Inhalt dieses Artikels
Ein Klick mit der Maus, ein paar Anschläge auf der Tastatur – und schon beginnt Ihr Kind seinen virtuellen Streifzug. Dabei taucht es in eine digitale Welt ein, in der es jede Menge zu erkunden und zu lernen gibt und die dazu einlädt, sich mit anderen auszutauschen. Das Internet ist eine aufregende Welt mit zahlreichen Möglichkeiten. Websites zur Weiterbildung und Unterhaltung findet man im Überfluss. Über sie gelangen Kinder an Orte, die ihnen normalerweise verschlossen bleiben: Blicke in die Vergangenheit, Wege zu exotischen Schauplätzen und ungewöhnliche Perspektiven zum aktuellem Geschehen. Das Internet kann die Phantasie beflügeln und Kinder und Jugendliche für neue Ideen begeistern. Und es macht Spaß.

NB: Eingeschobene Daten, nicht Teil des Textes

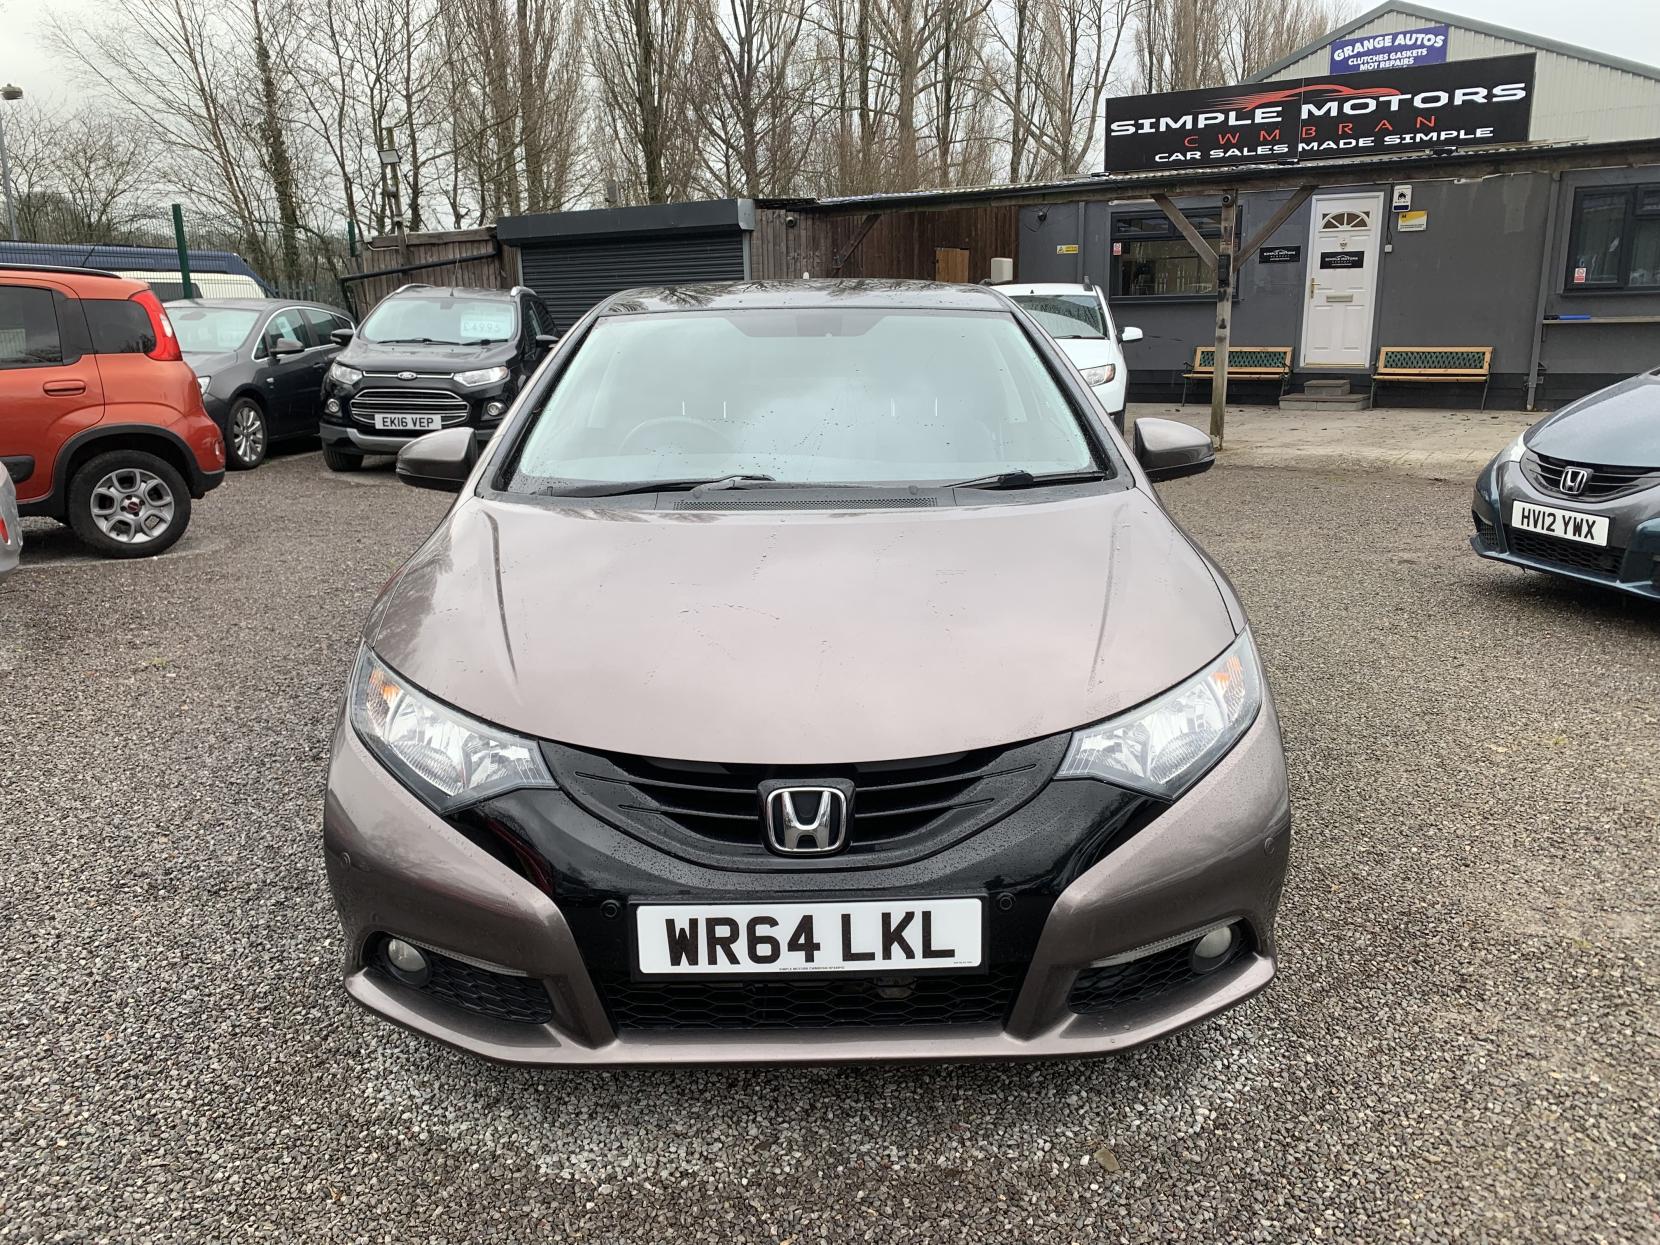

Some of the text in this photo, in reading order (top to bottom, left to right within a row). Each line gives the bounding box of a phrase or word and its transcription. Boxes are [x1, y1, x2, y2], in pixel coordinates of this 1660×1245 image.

[1333, 33, 1446, 61] GRANGE AUTOS
[1348, 48, 1428, 65] CLUTCHES GASKETS
[1359, 61, 1379, 71] MOT
[1379, 57, 1415, 68] REPAIRS
[1110, 83, 1527, 136] SIMPLE MOTORS
[1154, 127, 1495, 163] CAR SALES MADE SIMPLE
[381, 416, 434, 428] EK16 VEP
[1521, 507, 1596, 540] HV12 YWX
[665, 910, 956, 967] WR64 LKL
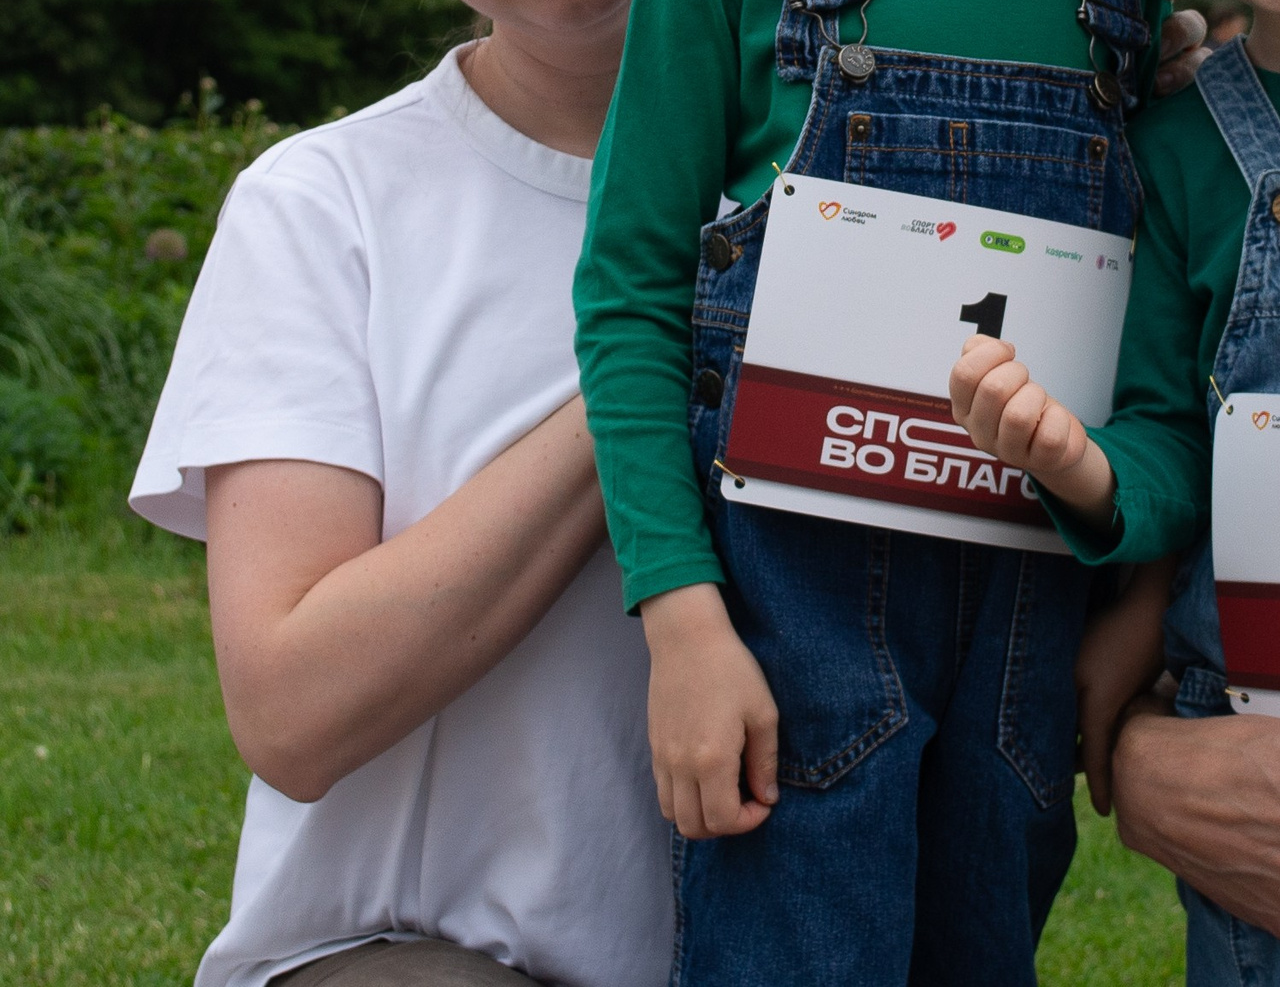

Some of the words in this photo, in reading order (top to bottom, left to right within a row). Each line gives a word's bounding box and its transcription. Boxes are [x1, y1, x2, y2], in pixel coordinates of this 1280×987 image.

[911, 219, 936, 229] СПОРТ
[1045, 245, 1083, 263] kaspersky
[826, 405, 998, 461] СПО
[820, 436, 895, 475] ВО
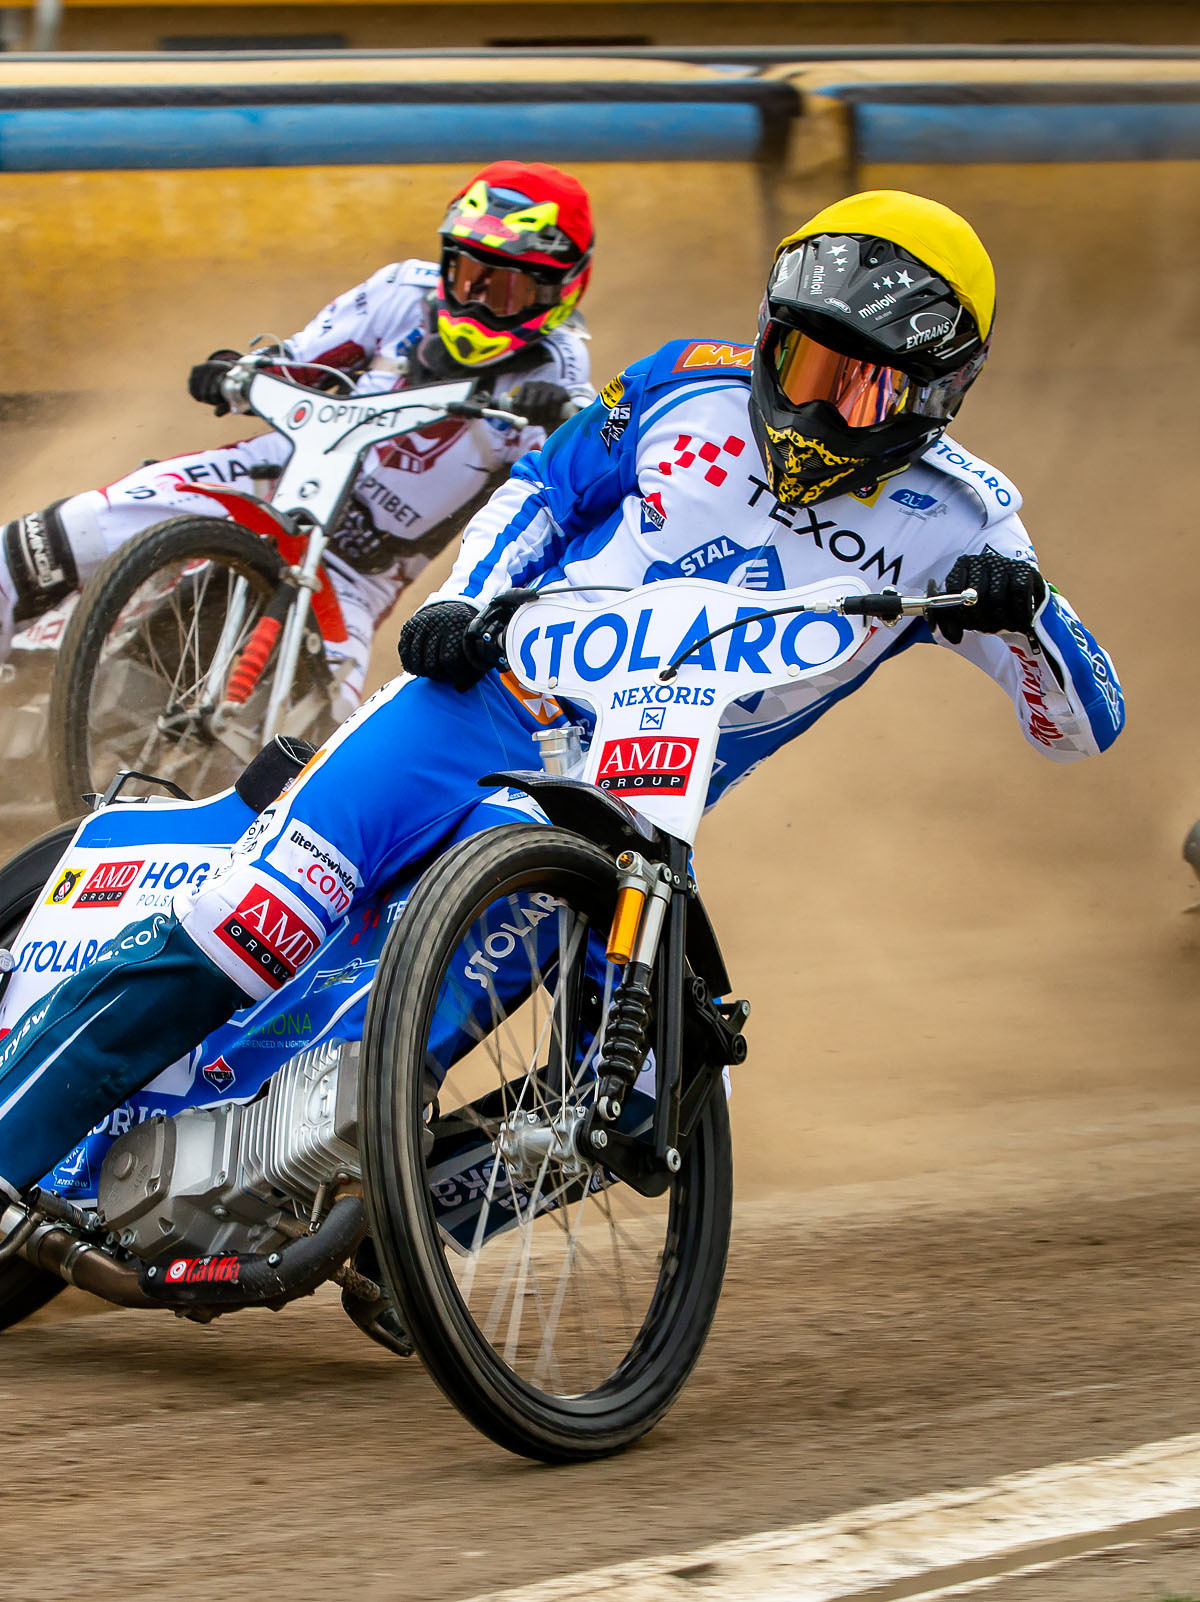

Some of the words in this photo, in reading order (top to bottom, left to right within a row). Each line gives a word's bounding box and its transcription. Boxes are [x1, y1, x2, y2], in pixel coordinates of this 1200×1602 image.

[905, 321, 951, 350] EXTRANS
[317, 405, 402, 428] OPTIBET
[931, 439, 1012, 507] STOLARO
[359, 476, 422, 528] PTIBET
[748, 474, 904, 585] TEXOM
[680, 536, 735, 577] STAL
[519, 605, 855, 682] STOLARO
[610, 685, 716, 709] NEXORIS
[600, 740, 693, 774] AMD
[601, 777, 681, 789] GROUP
[80, 892, 124, 902] GROUP
[85, 864, 139, 889] AMD
[297, 864, 350, 914] .com
[230, 924, 291, 980] GROUP
[238, 898, 314, 968] AMD

Es gibt jedoch Orte in der Cyberwelt, die Kinder nicht besuchen sollten – und an denen sie mit Menschen und Informationen konfrontiert werden, denen sie nicht gewachsen sind. Kinder können leicht auf Websites mit sexuellen, gewalttätigen oder anderen fragwürdigen Inhalten stoßen. In Chat-Räumen oder per E-Mail können sie leicht ins Visier von Erwachsenen geraten. Kinder sind ahnungslose Opfer für trügerische Online-Werbung und Marketing-Kampagnen – einige von ihnen mit dem Zweck, an persönliche Informationen zu gelangen. Was genau können Sie als Eltern dagegen tun? Wie können Sie Ihre Kinder im Internet zu schützen und ihnen gleichzeitig die Möglichkeit geben, die digitale Welt zu erkunden?
Auch die meisten Web-basierten E-Mail-Services bieten Kinderkonten an. Ebenso wie Internet-Konten für Kinder beschränken auch diese E-Mail-Konten den Zugriff auf E-Mail-Dienste für Erwachsene. Für die Eröffnung eines E-Mail-Kontos für Kinder setzen Dienstanbieter normalerweise die Einrichtung eines Familienkontos voraus. Einige verlangen sogar das schriftliche Einverständnis eines Elternteils oder Erziehungsberechtigten.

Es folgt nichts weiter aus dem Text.